What is needed: The listing below should be printed again word for word, without any images.

Provided data:
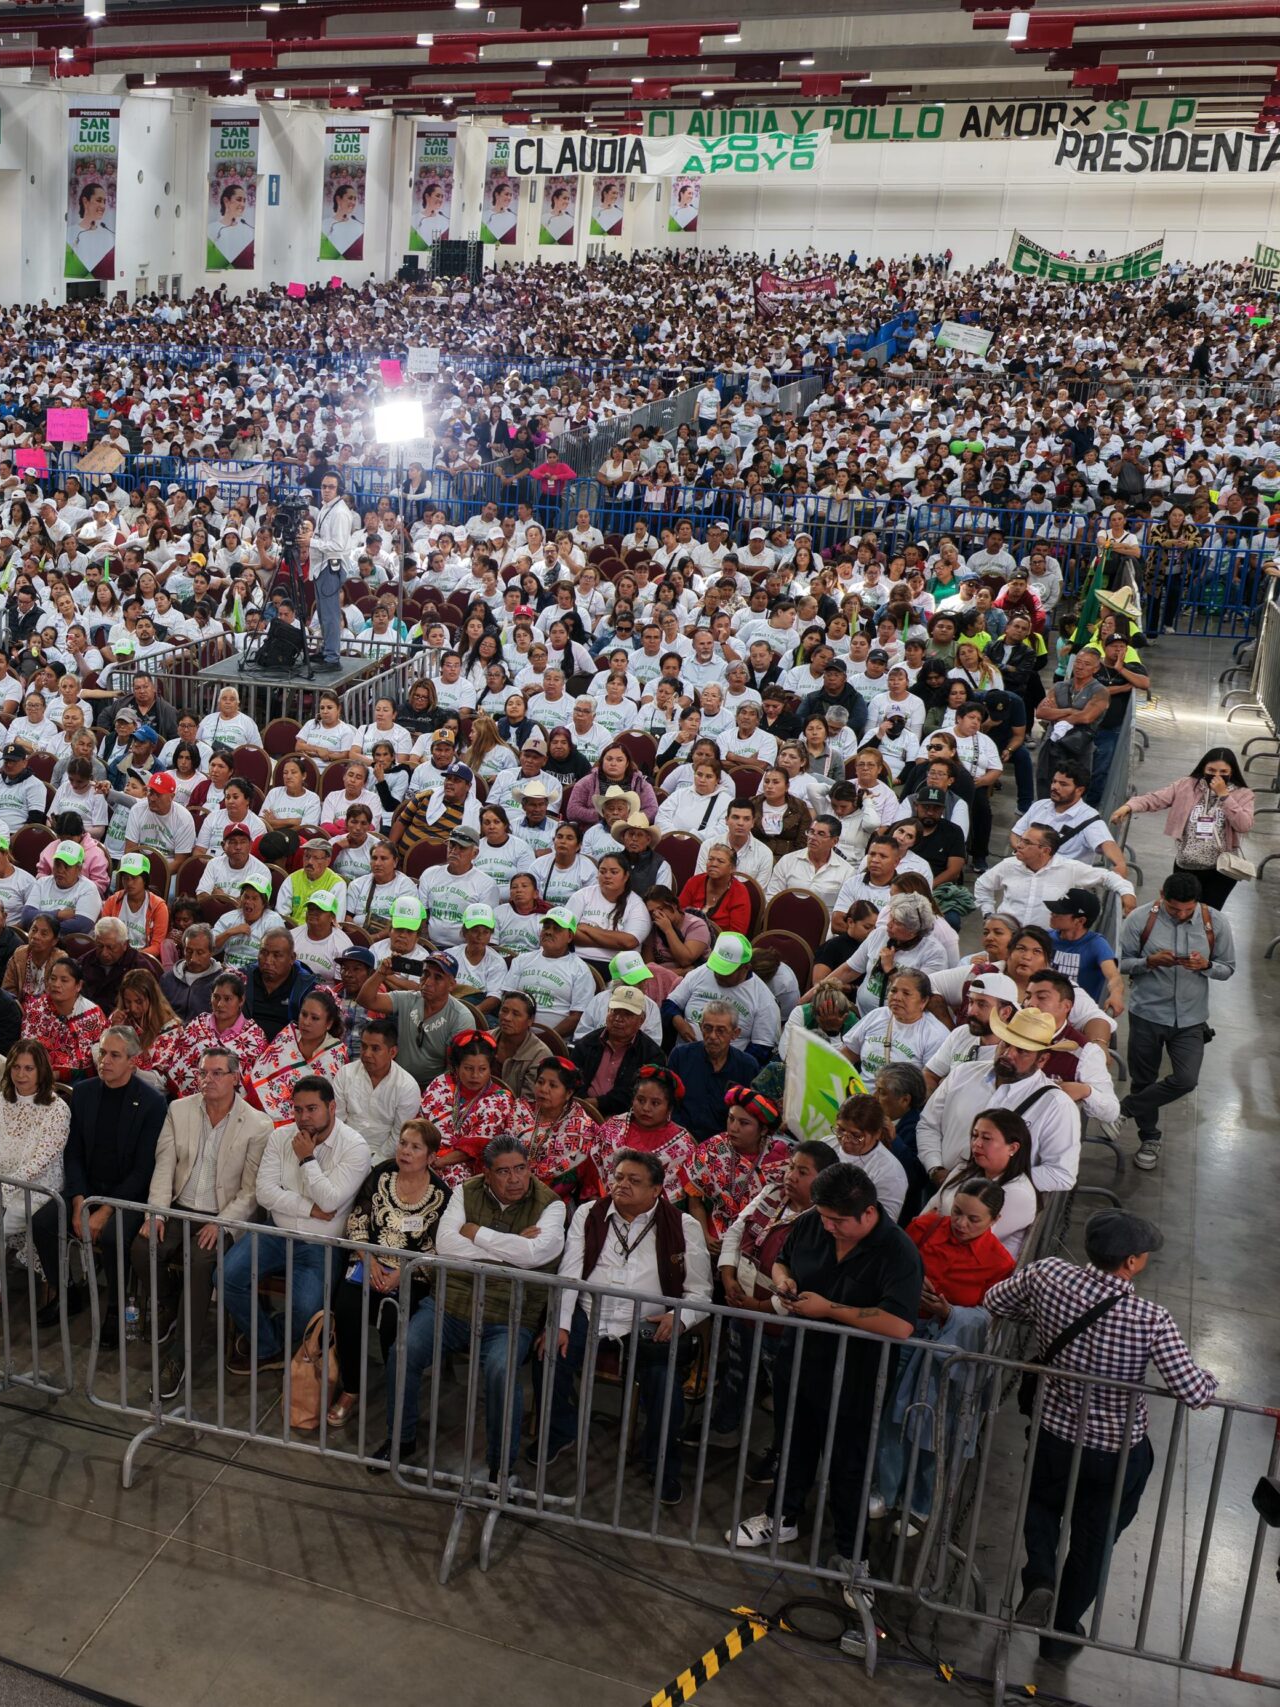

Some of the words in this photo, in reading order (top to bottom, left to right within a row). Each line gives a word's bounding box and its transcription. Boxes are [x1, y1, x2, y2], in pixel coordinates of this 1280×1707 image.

[80, 118, 109, 130] SAN
[648, 109, 779, 137] CLAUDIA
[790, 109, 815, 134] Y
[823, 106, 944, 141] POLLO
[960, 103, 1067, 138] AMOR
[79, 131, 111, 143] LUIS
[221, 127, 249, 138] SAN
[335, 133, 361, 143] SAN
[220, 139, 250, 149] LUIS
[425, 137, 448, 146] SAN
[496, 142, 509, 150] SA
[699, 133, 758, 153] YO
[769, 132, 819, 150] TE
[73, 144, 116, 153] CONTIGO
[334, 144, 361, 153] LUIS
[424, 147, 448, 156] LUIS
[514, 135, 647, 175] CLAUDIA
[681, 151, 815, 174] APOYO
[1255, 244, 1280, 268] LOS
[1012, 244, 1164, 283] Claudia
[1251, 267, 1280, 291] NUE
[8, 746, 15, 754] P
[929, 790, 938, 799] M
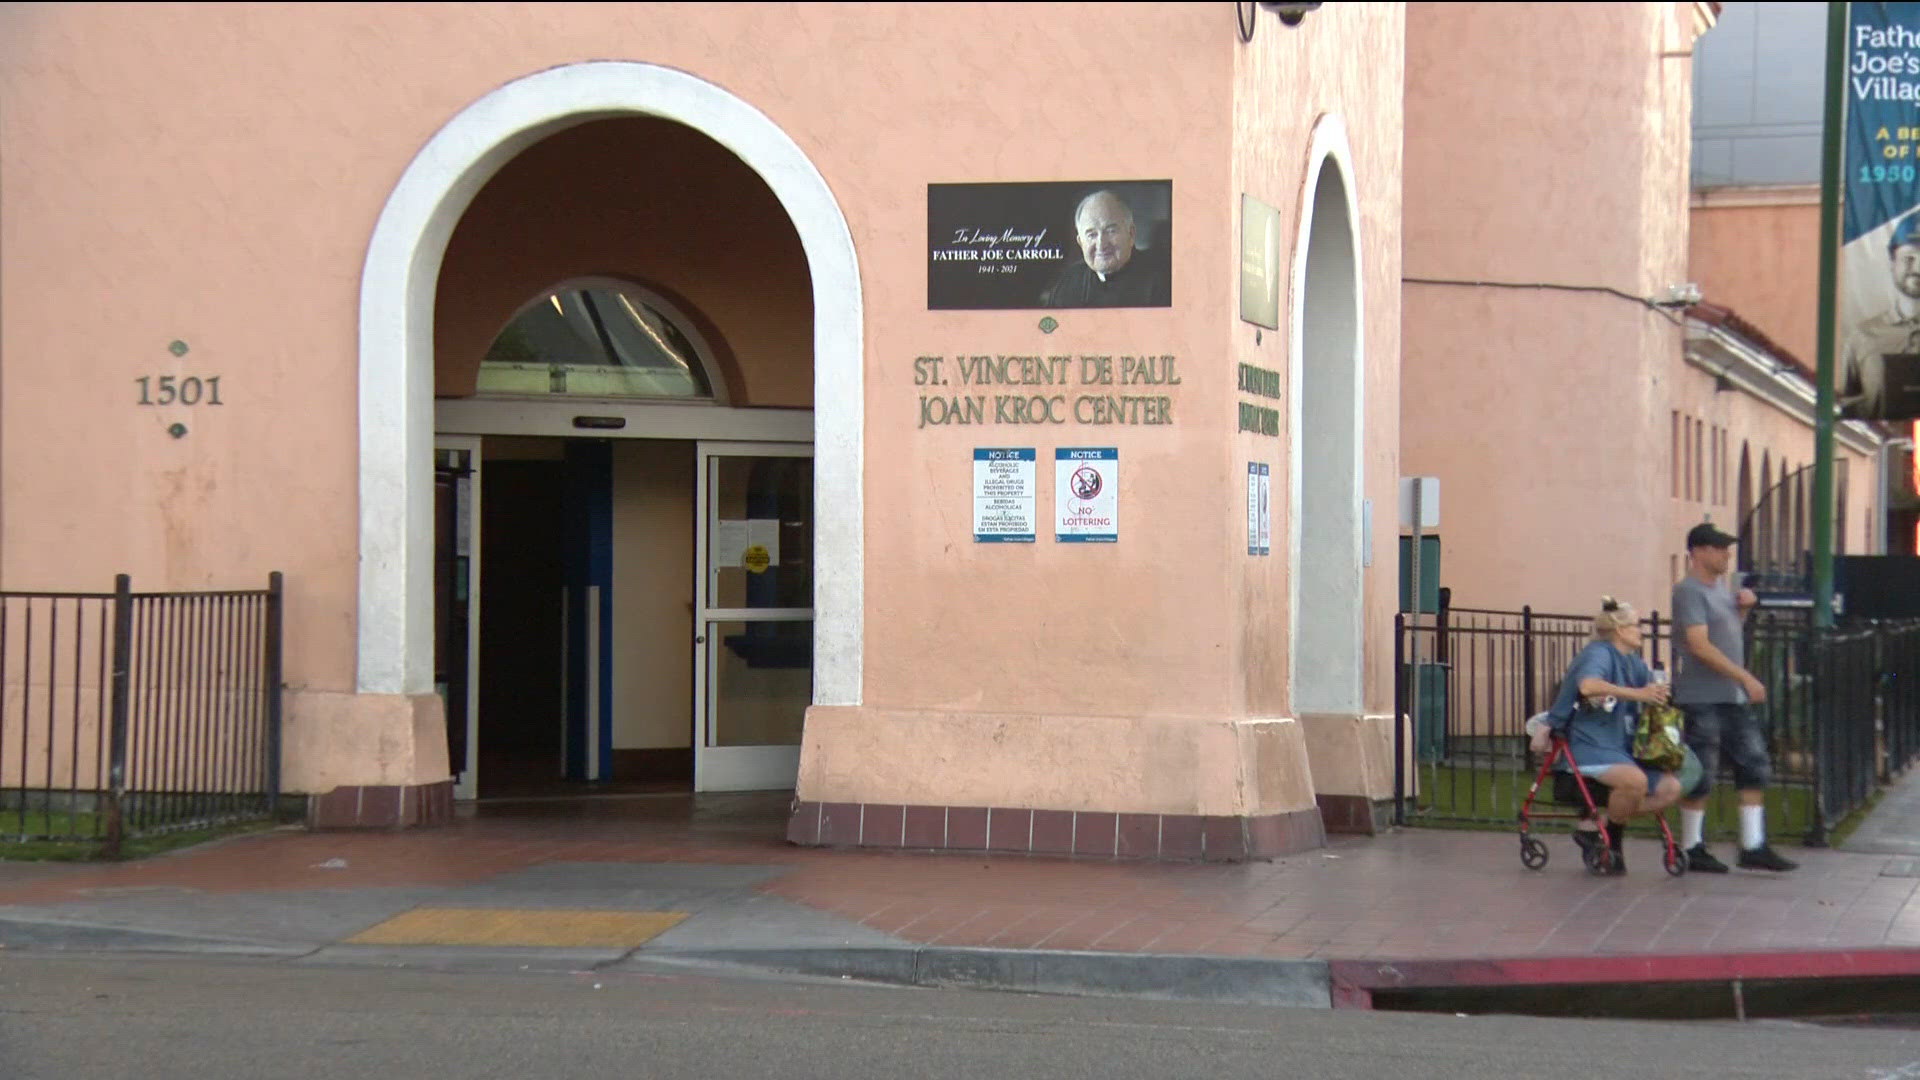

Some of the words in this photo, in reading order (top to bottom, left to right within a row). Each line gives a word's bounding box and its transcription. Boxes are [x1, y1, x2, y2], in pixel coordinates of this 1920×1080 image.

[1851, 51, 1920, 74] Joe's
[1875, 127, 1890, 140] A
[1883, 145, 1910, 159] OF
[1859, 165, 1916, 183] 1950
[952, 228, 969, 244] In
[969, 229, 998, 248] Loving
[998, 228, 1033, 248] Memory
[1033, 228, 1047, 248] of
[933, 250, 979, 261] FATHER
[981, 250, 1004, 261] JOE
[1006, 249, 1064, 260] CARROLL
[978, 265, 995, 273] 1941
[1001, 265, 1017, 273] 2021
[913, 356, 948, 386] ST.
[957, 355, 1072, 386] VINCENT
[1080, 356, 1113, 386] DE
[1120, 356, 1182, 386] PAUL
[135, 375, 224, 406] 1501
[918, 395, 986, 429] JOAN
[994, 395, 1066, 425] KROC
[1074, 395, 1173, 425] CENTER
[989, 451, 1020, 459] NOTICE
[1070, 451, 1102, 459] NOTICE
[1078, 507, 1093, 515] NO
[1062, 517, 1110, 526] LOITERING
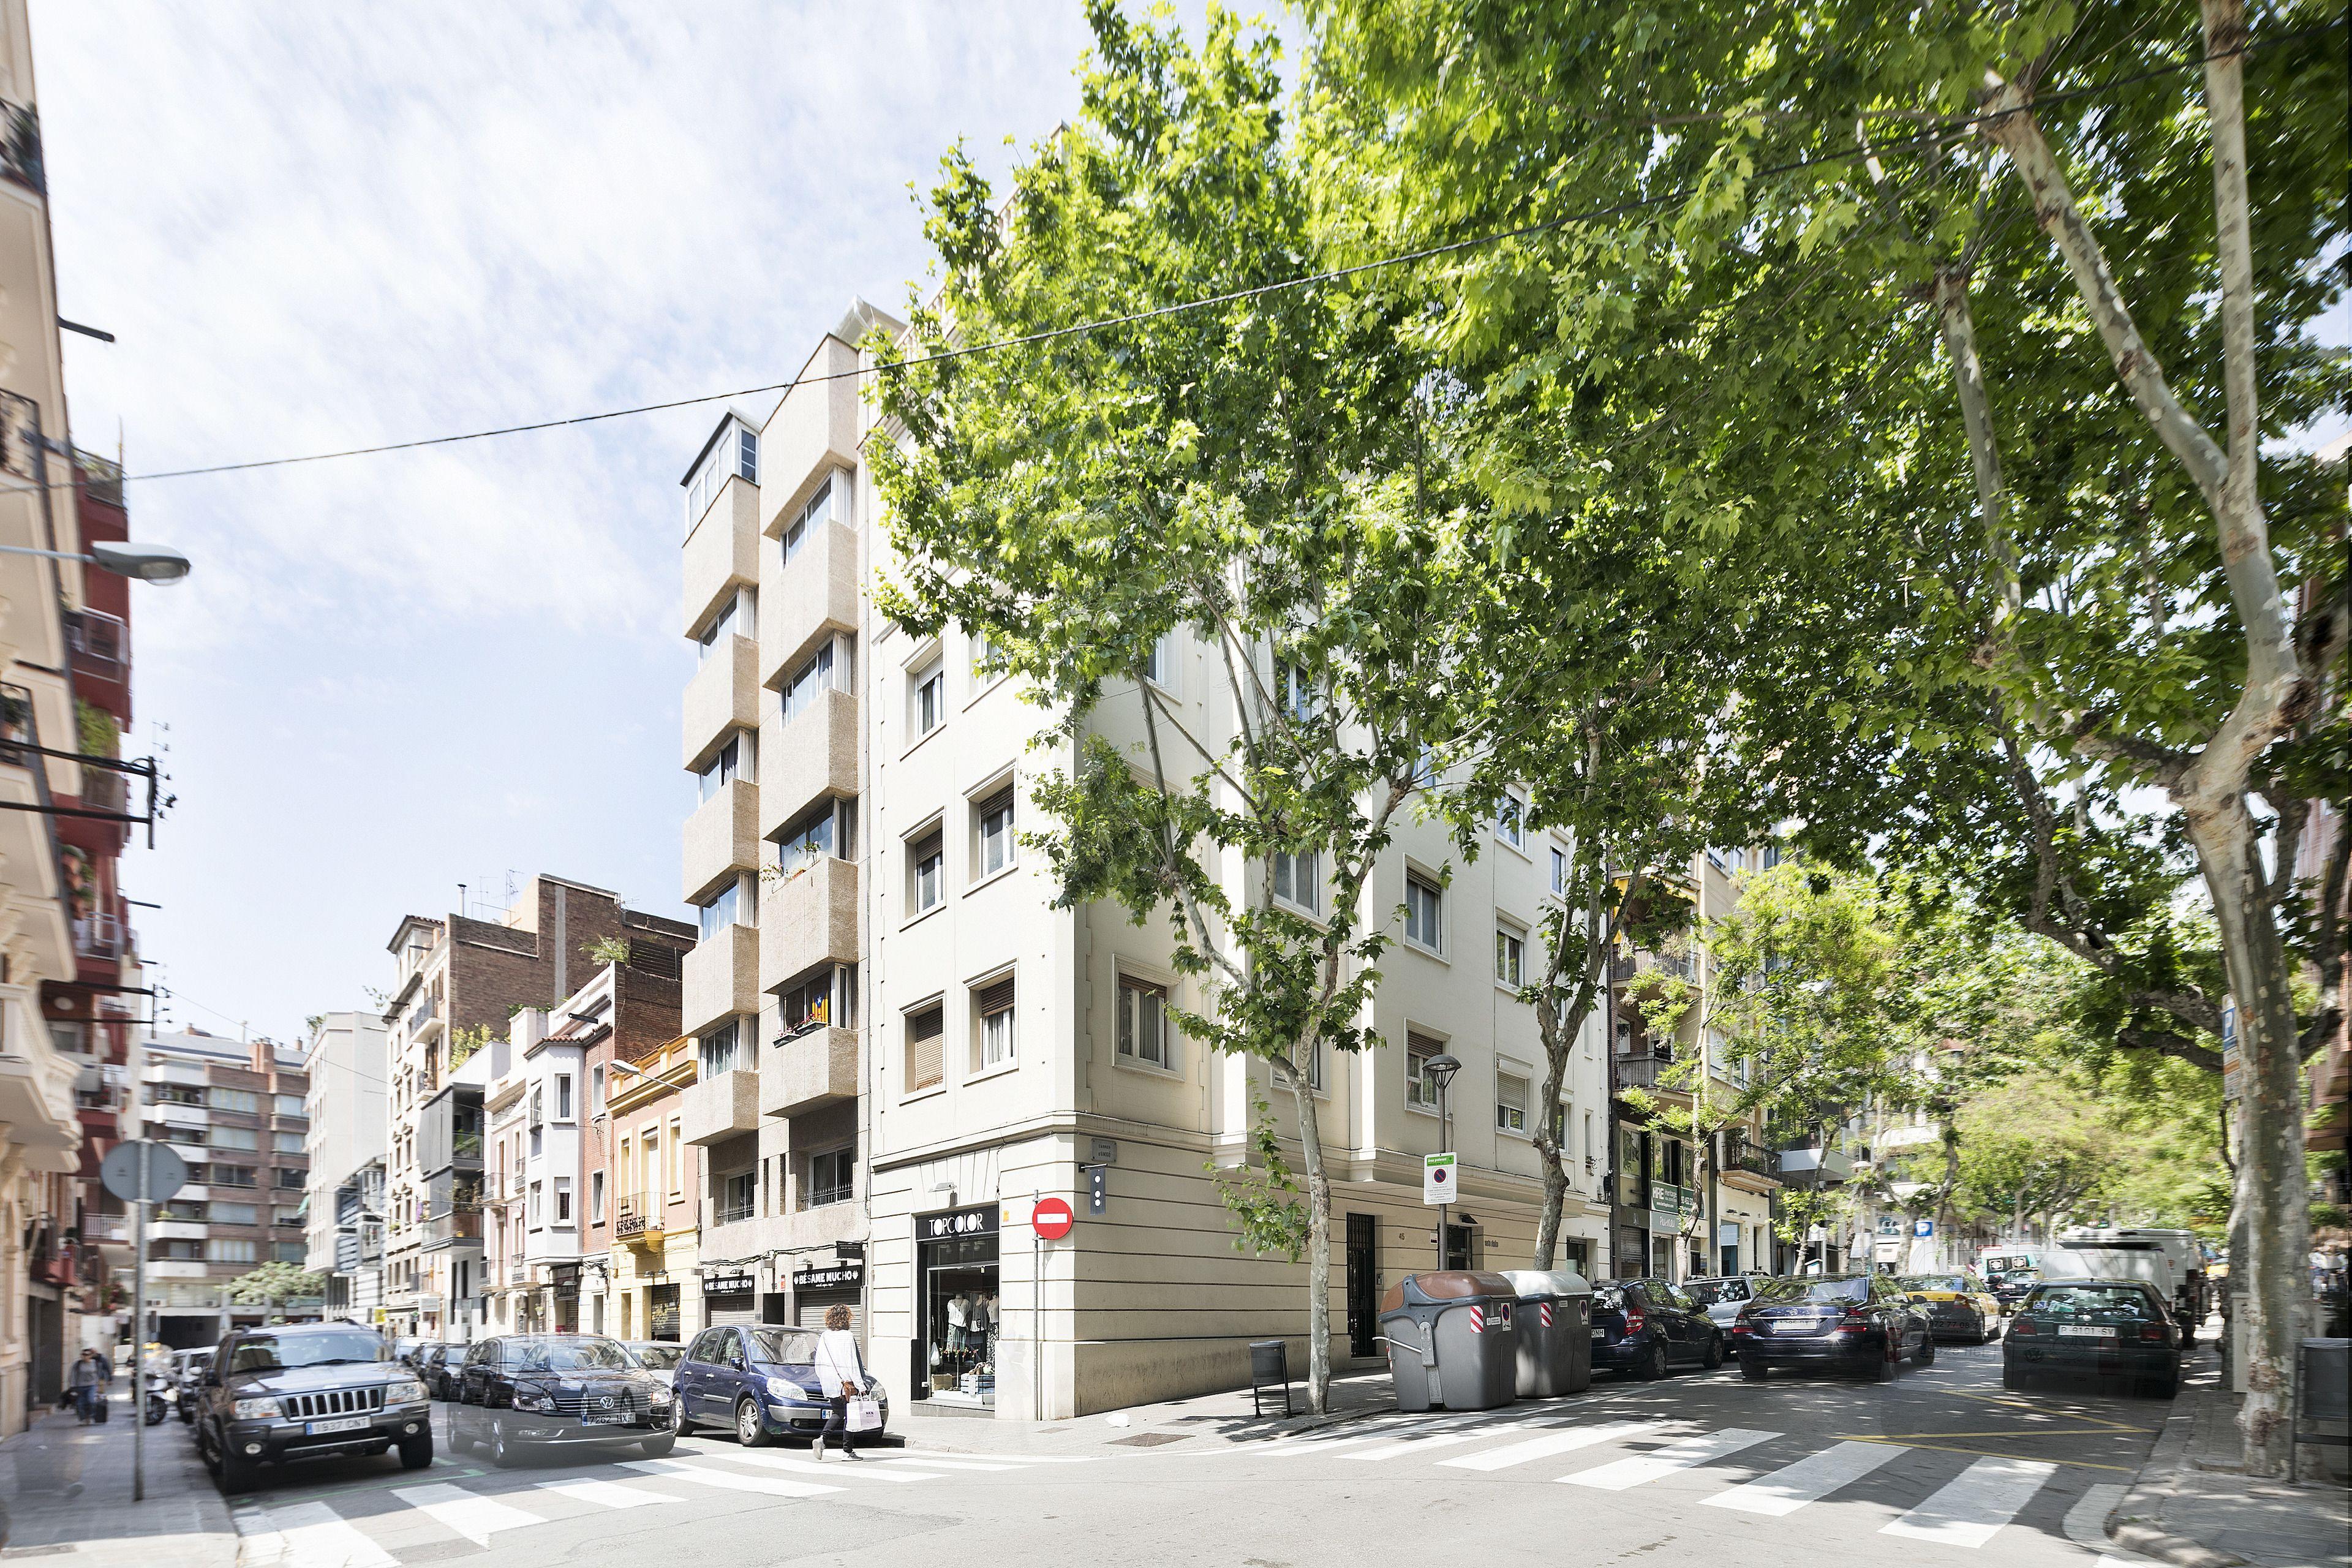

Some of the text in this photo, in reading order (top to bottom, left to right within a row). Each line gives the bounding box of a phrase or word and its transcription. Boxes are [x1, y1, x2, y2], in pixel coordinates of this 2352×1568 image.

[1653, 1186, 1664, 1200] HRE
[929, 1213, 983, 1236] TOPCOLOR
[799, 1273, 825, 1284] BÉSAME
[826, 1270, 852, 1282] MUCHO
[709, 1280, 747, 1291] BÉSAME MUCHO

Output for this exercise:
Some of the words in this photo, in reading order (top to bottom, left to right within a row). Each line gives a word's bounding box and its transcription. Boxes are [x1, y1, x2, y2], in pixel coordinates of this 1280×1707 image.

[80, 118, 109, 130] SAN
[648, 109, 779, 137] CLAUDIA
[790, 109, 815, 134] Y
[823, 106, 944, 141] POLLO
[960, 103, 1067, 138] AMOR
[79, 131, 111, 143] LUIS
[221, 127, 249, 138] SAN
[335, 133, 361, 143] SAN
[220, 139, 250, 149] LUIS
[425, 137, 448, 146] SAN
[496, 142, 509, 150] SA
[699, 133, 758, 153] YO
[769, 132, 819, 150] TE
[73, 144, 116, 153] CONTIGO
[334, 144, 361, 153] LUIS
[424, 147, 448, 156] LUIS
[514, 135, 647, 175] CLAUDIA
[681, 151, 815, 174] APOYO
[1255, 244, 1280, 268] LOS
[1012, 244, 1164, 283] Claudia
[1251, 267, 1280, 291] NUE
[8, 746, 15, 754] P
[929, 790, 938, 799] M

Some of the words in this photo, in reading order (top to bottom, left to right within a row). Each line gives a word's bounding box and its transcription. Boxes are [x1, y1, x2, y2], in pixel coordinates of this 1920×1080 image.

[1851, 51, 1920, 74] Joe's
[1875, 127, 1890, 140] A
[1883, 145, 1910, 159] OF
[1859, 165, 1916, 183] 1950
[952, 228, 969, 244] In
[969, 229, 998, 248] Loving
[998, 228, 1033, 248] Memory
[1033, 228, 1047, 248] of
[933, 250, 979, 261] FATHER
[981, 250, 1004, 261] JOE
[1006, 249, 1064, 260] CARROLL
[978, 265, 995, 273] 1941
[1001, 265, 1017, 273] 2021
[913, 356, 948, 386] ST.
[957, 355, 1072, 386] VINCENT
[1080, 356, 1113, 386] DE
[1120, 356, 1182, 386] PAUL
[135, 375, 224, 406] 1501
[918, 395, 986, 429] JOAN
[994, 395, 1066, 425] KROC
[1074, 395, 1173, 425] CENTER
[989, 451, 1020, 459] NOTICE
[1070, 451, 1102, 459] NOTICE
[1078, 507, 1093, 515] NO
[1062, 517, 1110, 526] LOITERING

Some of the text in this photo, in reading order (top to bottom, left to right within a row). Each line gives the bounding box of a phrase or word and its transcription. Boxes are [x1, y1, x2, y2], in pixel coordinates of this 2352×1568 image.

[1653, 1186, 1664, 1200] HRE
[929, 1213, 983, 1236] TOPCOLOR
[799, 1273, 825, 1284] BÉSAME
[826, 1270, 852, 1282] MUCHO
[709, 1280, 747, 1291] BÉSAME MUCHO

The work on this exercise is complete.